Alan Stevens is a British writer and producer who is based in the Southeast of England, where he runs his own audio production company, Magic Bullet Productions, which produces audio dramas based on characters from the Doctor Who universe.

Stevens has produced a number of documentaries, serials and dramas for radio and independent audio release, including the Blake's 7/Doctor Who spinoff series Kaldor City and the second Faction Paradox audio series, and has co-written two guidebooks for Telos Publishing, Liberation: the Unofficial and Unauthorised Guide to Blake's 7 and Fall Out: the Unofficial and Unauthorised Guide to The Prisoner, with Fiona Moore. He writes articles for Celestial Toyroom, the magazine of the Doctor Who Appreciation Society, and has written in the past for Doctor Who Magazine and DWB.

==Print material==

- "Skull Duggery", with Fiona Moore, in forthcoming anthology Shelf Life
- "The Human Factor: Daleks, the Evil Human and Faustian Legend in Doctor Who" Time and Relative Dissertations in Space, ed.
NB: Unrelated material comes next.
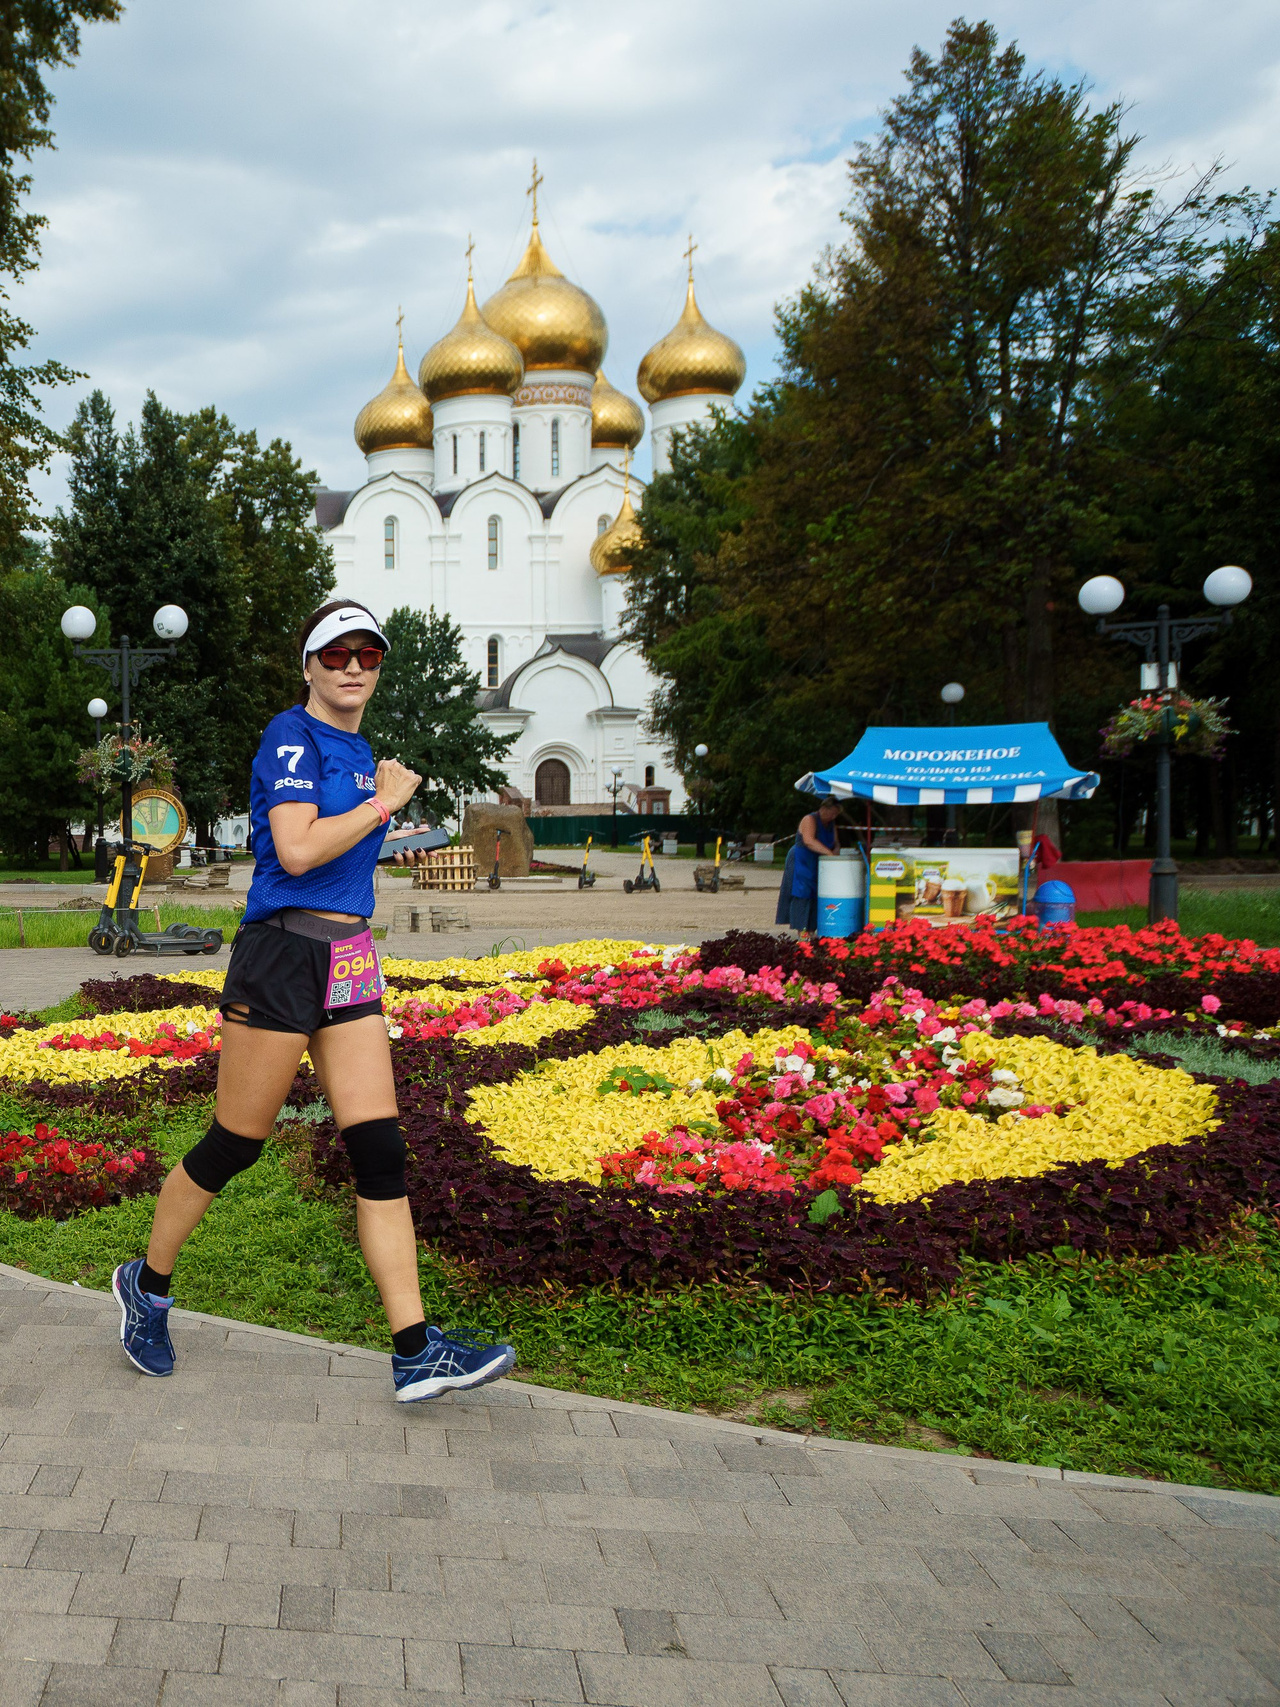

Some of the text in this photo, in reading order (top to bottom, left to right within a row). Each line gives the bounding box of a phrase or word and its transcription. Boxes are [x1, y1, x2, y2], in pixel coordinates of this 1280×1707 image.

David Butler (2007, Manchester University Press.
- Fall Out: the Unofficial and Unauthorised Guide to The Prisoner (2007)
- Liberation: the Unofficial and Unauthorised Guide to Blake's 7 (2003)
- Zenith (2001) (editor)

==Audios==

- Kaldor City: The Prisoner (2004) with Fiona Moore
- Kaldor City: Checkmate (2003)
- Kaldor City: Taren Capel (2003)
- Kaldor City: Occam's Razor (2001) with Jim Smith
- The Logic of Empire (1998)
- The Mark of Kane (1996)
- Travis: the Final Act (1990)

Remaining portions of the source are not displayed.